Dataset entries
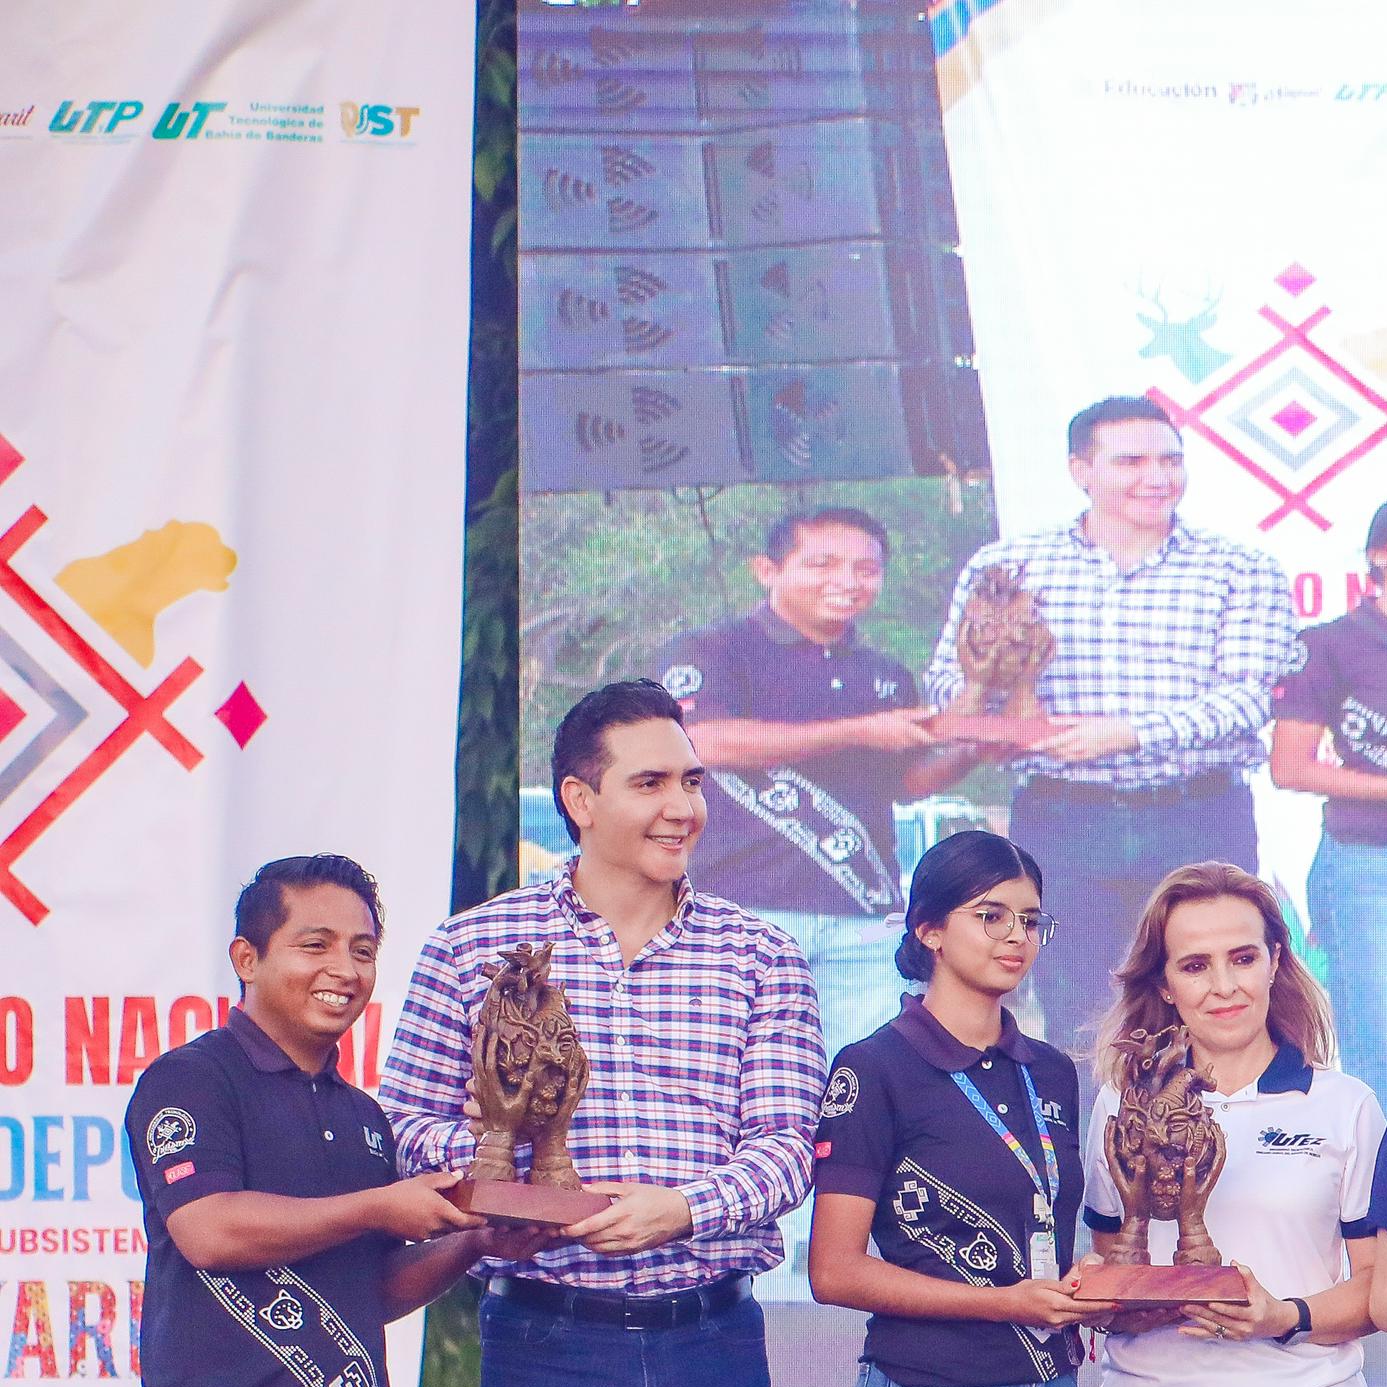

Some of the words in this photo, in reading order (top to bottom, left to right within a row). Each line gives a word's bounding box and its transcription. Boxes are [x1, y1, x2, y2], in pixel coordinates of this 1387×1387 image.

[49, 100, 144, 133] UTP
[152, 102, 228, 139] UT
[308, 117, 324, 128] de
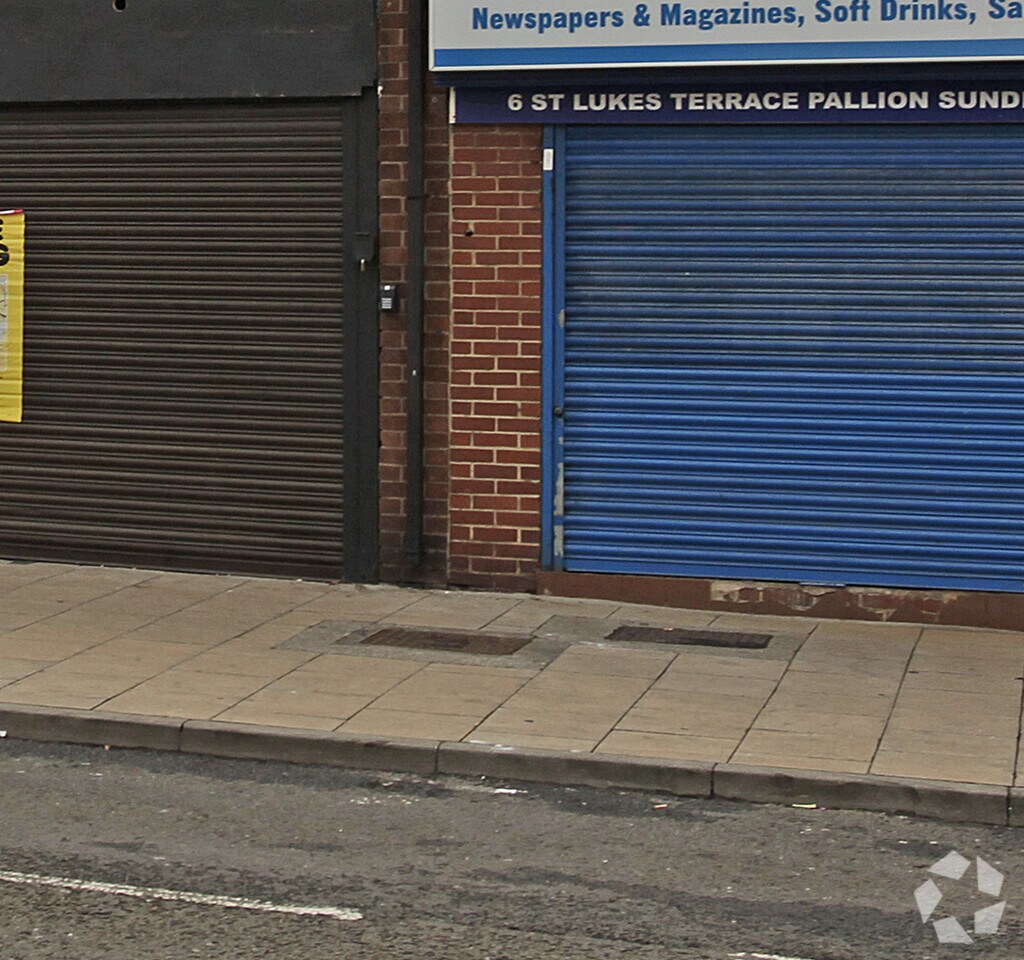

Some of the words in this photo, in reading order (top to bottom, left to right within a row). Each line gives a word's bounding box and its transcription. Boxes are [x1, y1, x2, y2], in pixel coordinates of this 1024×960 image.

WHAT IS BEING ASKED.
Your answer must be every record above, word for word, with no pictures.

EXERCISE SOLUTION.
Some of the words in this photo, in reading order (top to bottom, left to right within a row). Each line gives a word's bounding box and its transcription. Boxes are [x1, y1, x2, y2], in pixel coordinates of this 1387×1387 image.

[49, 100, 144, 133] UTP
[152, 102, 228, 139] UT
[308, 117, 324, 128] de

Some of the words in this photo, in reading order (top to bottom, left to right within a row). Each line gives a word's bounding box and its transcription. Boxes are [x1, y1, x2, y2], in pixel coordinates of this 1024×960 image.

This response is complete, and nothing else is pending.